Example of a right floating element.

Algorithm Implementation

The algorithm was implemented in these main steps:

  1. Pad the image
  2. Loop through each pixel of image
    • For each pixel, process boxfilter
  3. Remove padding

1) Padding the Image

Box filtering gets a little weird when trying to filter the corners and edges of an image because a pixels new value is dependent on the pixels around the image. In the case of corners/edges, they don't have pixels completely surrounding it. We add a padding (currently a pad of 0's) to have all pixels in the original image completely surrounded for a some-what accurate filter attempt. The problem when coding this was the dynamic size of filters possible; this means the width/height of the padding will vary.

To figure out the padding, we place the center pixel of the filter on the corner of the original image and figure out how tall/wide the filter extends from the image. This can be done by subtracting 1 from the height and width of the filter and dividing by 2. We pad the image with this found width and height.

2) Process Filter on Pixels

We then loop through the image portion of the padded image. For each pixel we apply our custom boxfilter function. Our box filter takes in 3 parameters: image, pixel coordinate, and filter. What our function does is lay the center of the filter over the pixel, apply the element-wise matrix multiplication, and return the total sum. Because the image has a 3rd dimension for RGB values, the function will perform this operation on all three color dimensions and return a 1x3 matrix of the new RGB values.

While implementing this boxfilter function, I came up with two different approaches. The first approach is the perform a nested for-loop over the submatrix and perform element-wise matrix multiplication on each coordinate. The second approach takes a submatrix of the padded image and uses the element-wise multiplication on the submatrix and filter. This option worked, but it took longer to compute than computing each pixel value one by one. This may have to do with either creating the sub-matrix or using the .* operator.


        function val = boxfilter(image, coord, filter)      % Second Approach
            colors = size(image, 3);
            val = zeros(1, colors);

            c = coord - (size(filter) - 1) / 2;
            c = num2cell(c);
            [rowCorner, colCorner] = c{:};
            [filterRows, filterCols] = size(filter);

            box = image(rowCorner : rowCorner + filterRows - 1, ...
                colCorner : colCorner + filterCols - 1, ...
                :);

            for d = 1 : colors
                ap = box(:,:,d) .* filter;
                val(d) = sum(ap(:));
            end
        

3) Remove Padding

After applying the filter on the relavent pixels, we then remove the padding by croping the padded image using the pre-computed pad width/height.
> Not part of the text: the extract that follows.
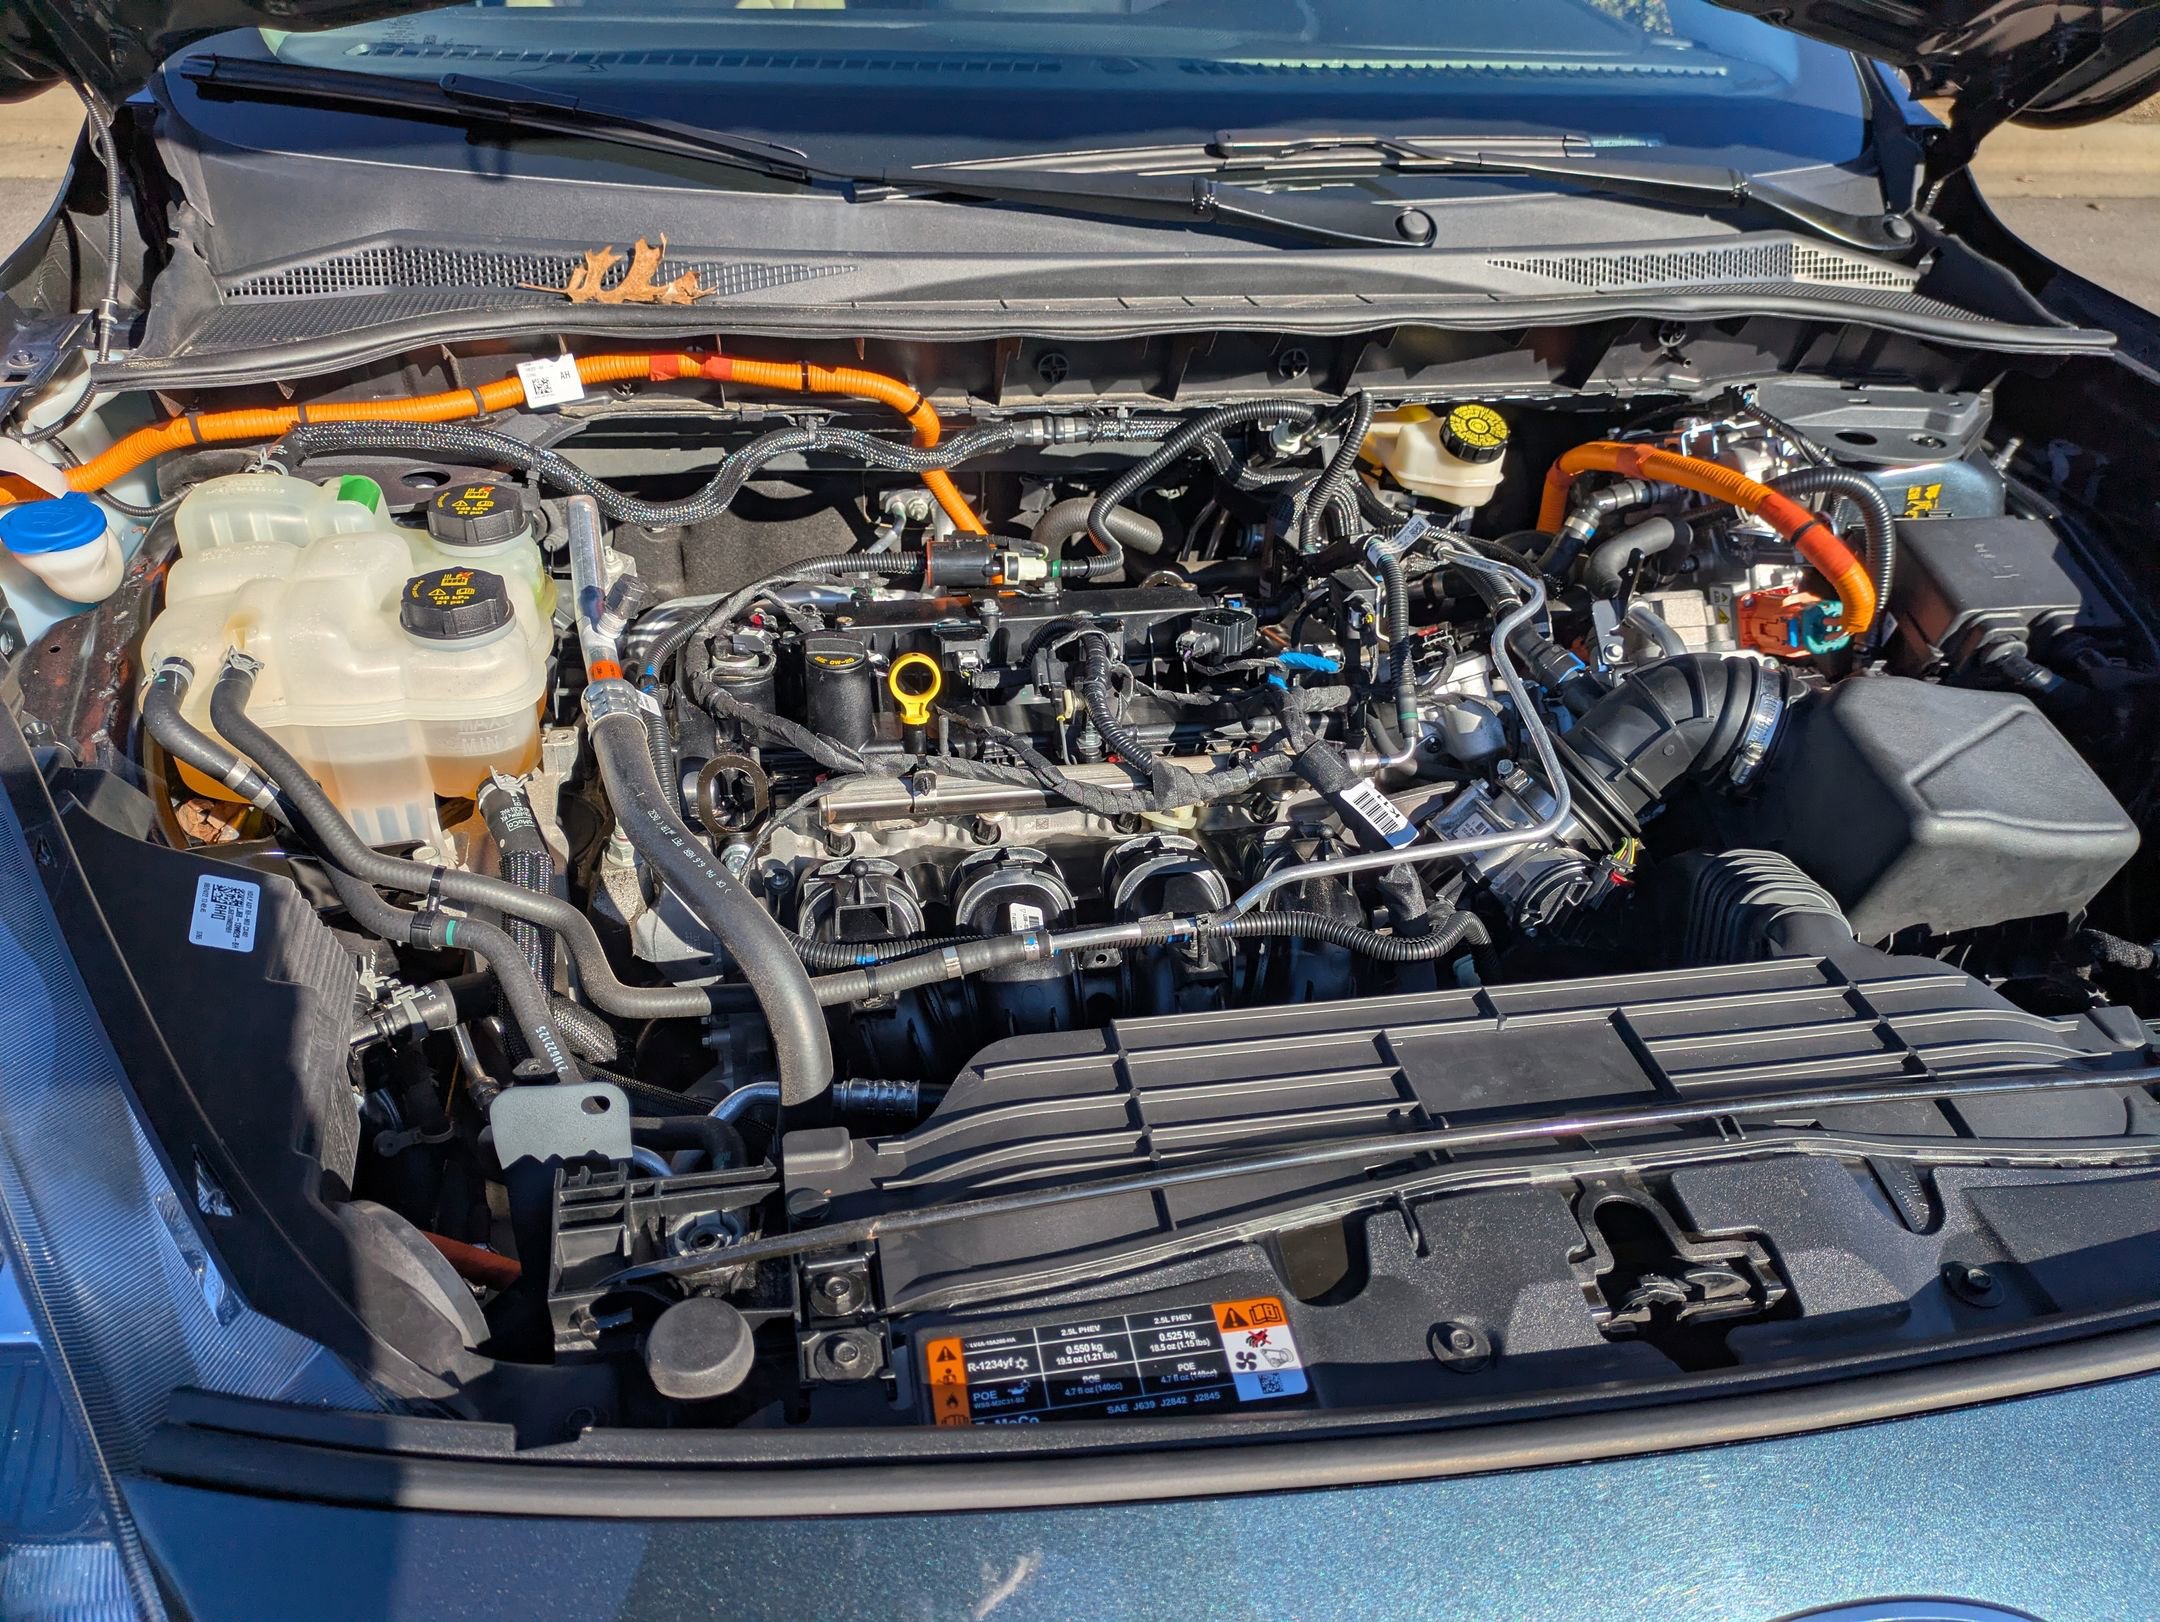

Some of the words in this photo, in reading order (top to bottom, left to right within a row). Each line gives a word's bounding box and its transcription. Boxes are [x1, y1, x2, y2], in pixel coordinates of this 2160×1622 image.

We can then return this new image.

Results of the Algorithm

The results of the algorithm end up being the same as the imfilter in Matlab. The hybrid images look fine with the low-frequencies when viewing the small image or from far away, but only a couple of the high-frequency images look normal. It seems that images that are completely aligned and take up equal space do well such as the cat/dog and fish/submarine pictures. The large bird/plane image looks weird because we can see the plane outline, but the colors of the bird's low-frequency image pertrudes off the plane's outline, so we can see a strange image in the background. This also applies to the obama image since the high-frequency image doesn't align perfectly with the low-frequency image. The bike/motorbike close-up image also looks strange because the motorbike has a lot of detail that doesn't align up with the colors of the low-frequency bike.

Based on some observations, I believe the images should ideally:

Optionally, I also think maybe the image with more/full color should be the low-frequency image because it fills the high-frequency image outline.

As for possible extra credit, I also performed the algorithm on 3 more pictures: a tree tunnel and eye, Mario and Luigi, and smiling Obama and sad Obama.